Search code examples
javafxbrowseroauthcallback

Using an application with a Java FX front-end on Windows in the OAuth PKCE flow, is there an alternative to a port listener?

In the OAuth flow using a custom URI/URL for the callback is custom on a smartphone, but not so much in Windows. I found a description of how to do that (How do I register a custom URL protocol in Windows?), but that talks about "application is opened and the parameters from the URL are passed to it".

In my situation the PKCE flow is started when the application gets started by the user from the start menu. The application calls the default browser to get to the log in page (implemented this way because of SSO, other applications the users use do have a web front end) and if log on succeeds call the callback URL. So in my situation the browser would perform "myApp://code={OAuth-code}" instead of "http://127.0.0.1:{some port}/code={OAuth-code}".

The solution with the port listener is working right now on my development machine, but only because I have admin rights on my development laptop.

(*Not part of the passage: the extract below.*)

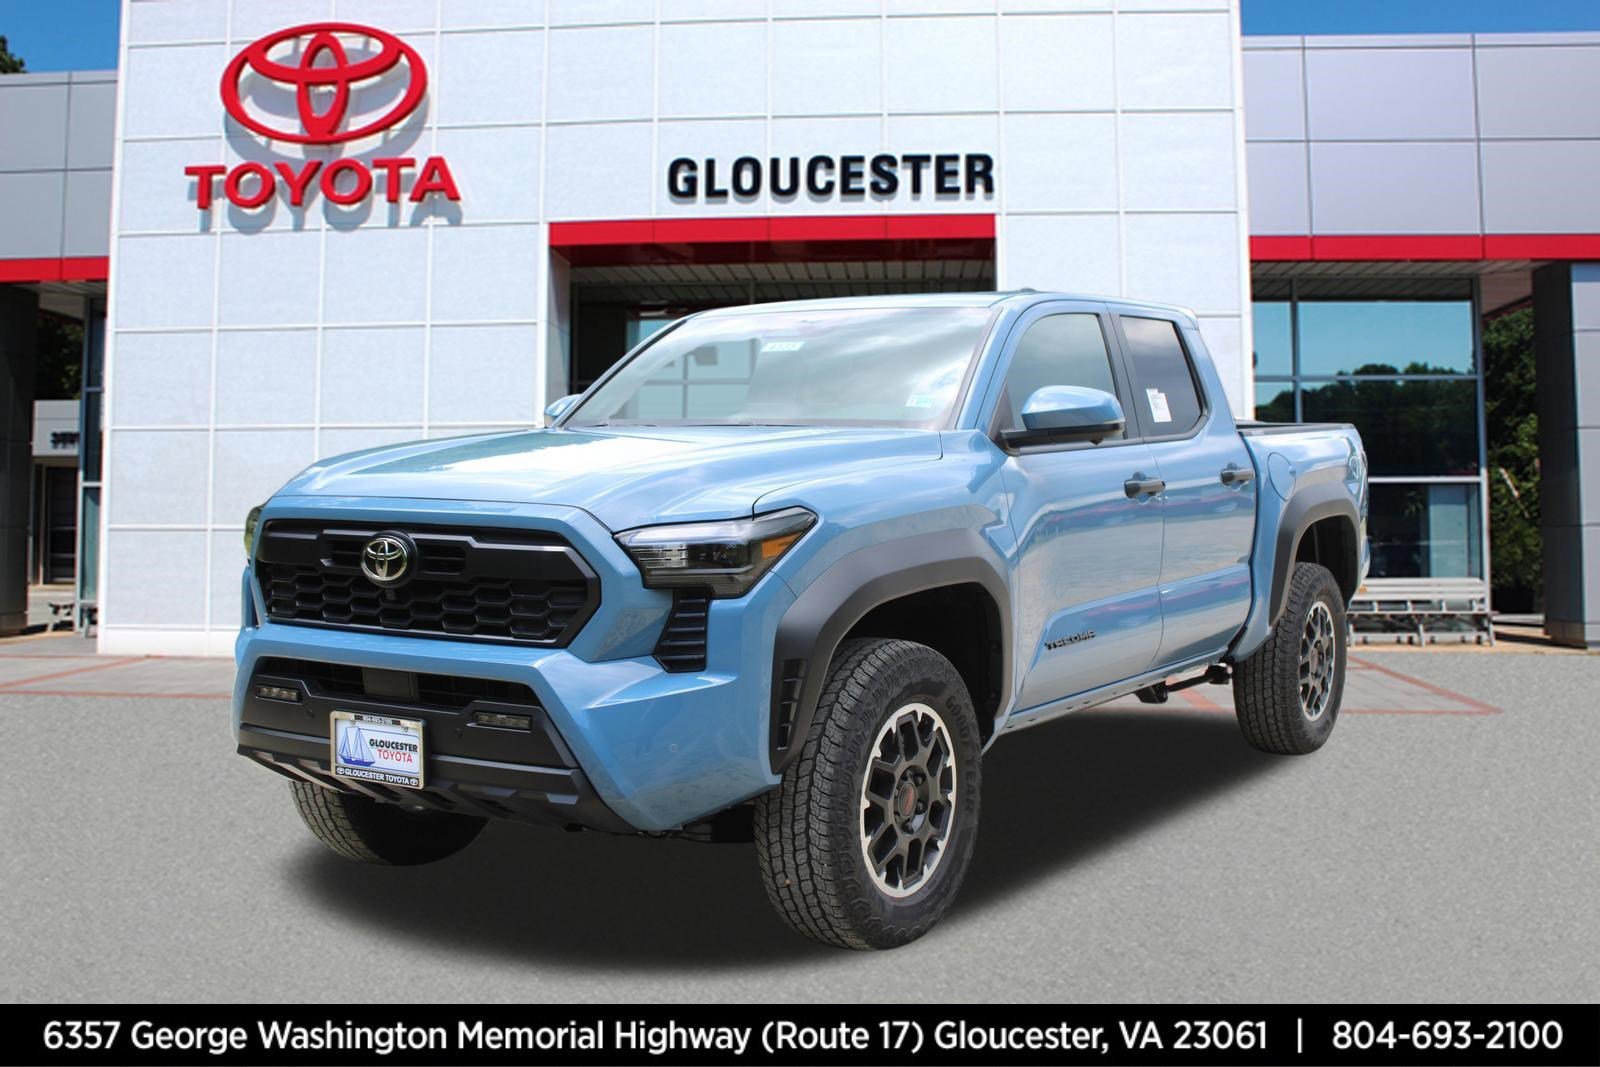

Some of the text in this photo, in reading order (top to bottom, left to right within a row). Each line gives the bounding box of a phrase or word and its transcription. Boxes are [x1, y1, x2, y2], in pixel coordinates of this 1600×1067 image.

Users that will use this app once it is in production don't have admin rights on their company laptops, and they're not gonna get it.

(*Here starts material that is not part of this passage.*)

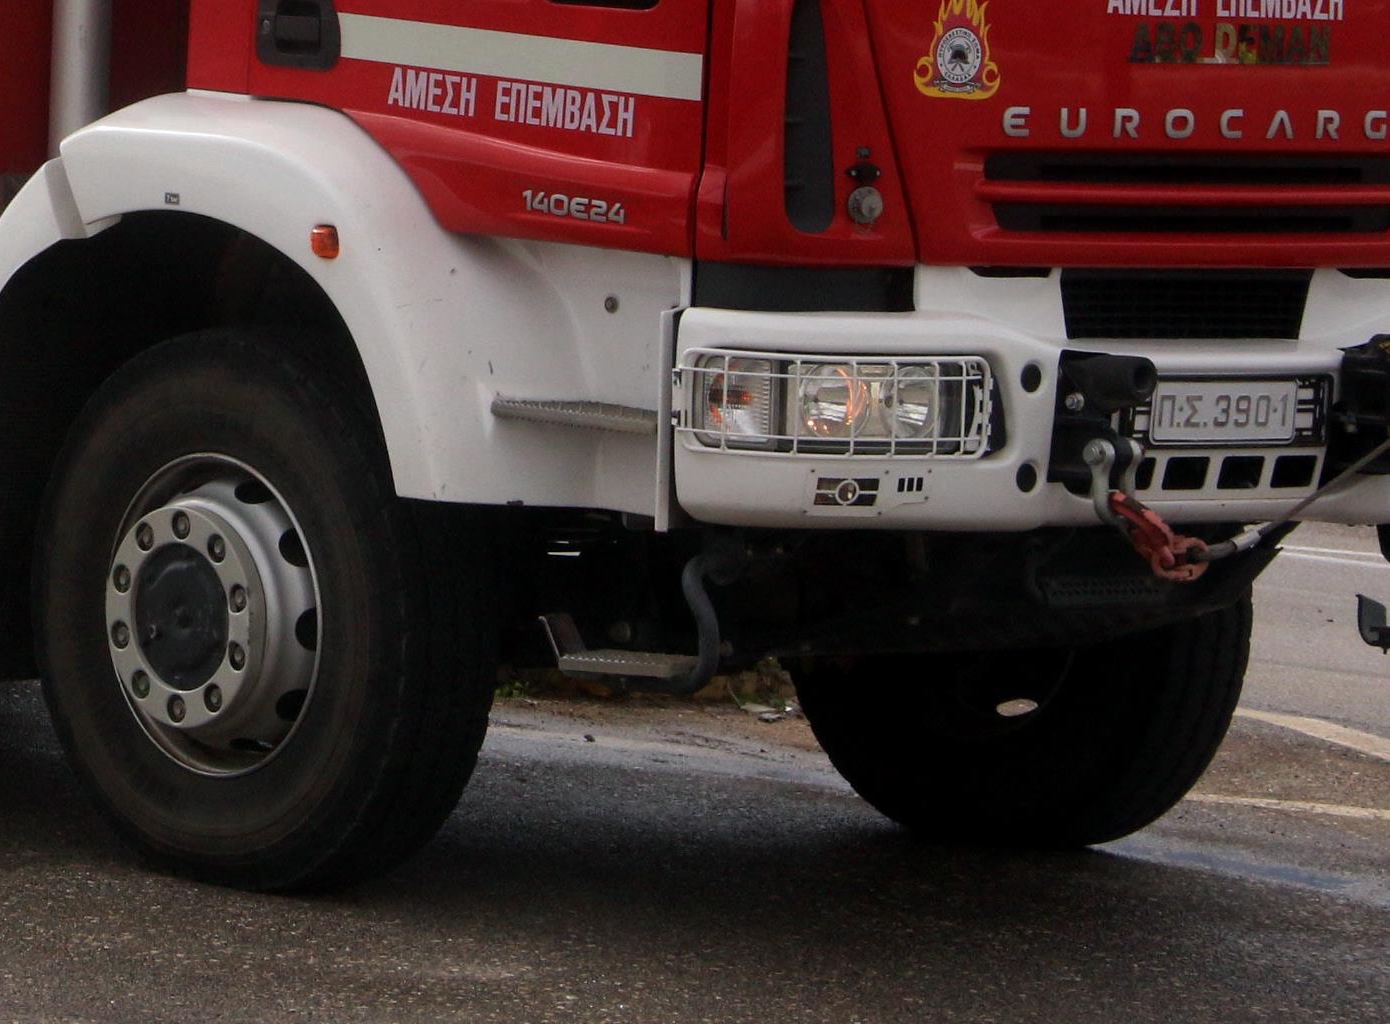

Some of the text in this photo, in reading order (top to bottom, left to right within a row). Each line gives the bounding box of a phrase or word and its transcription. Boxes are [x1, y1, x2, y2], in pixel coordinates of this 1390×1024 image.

So, my solution to the packaging team was to run the application with a service account that has admin rights, but they don't like that idea and asked me to find if there's another solution. I found this 'custom URL' to be a possible solution, but I wonder if that is even an option or that there's even another solution I haven't found yet that will work in this situation.

Solution

  • The current best practice for receiving OAuth responses to a desktop application is to use a loopback interface with a randomly assigned port (so what you showed in your question): https://datatracker.ietf.org/doc/html/rfc8252#section-7.3 This is also how you usually implement this in a desktop app.

    Are you sure that users won't be able to listen on a port? Normally, opening a port with a value greater than 1024 does not require admin rights on a system. I would double-check this as this should be possible. I don't think you have a different option on the desktop. For example, see this answer: How can I allow apps to claim "https" scheme URIs? (i.e How can I open a desktop application from https URL?)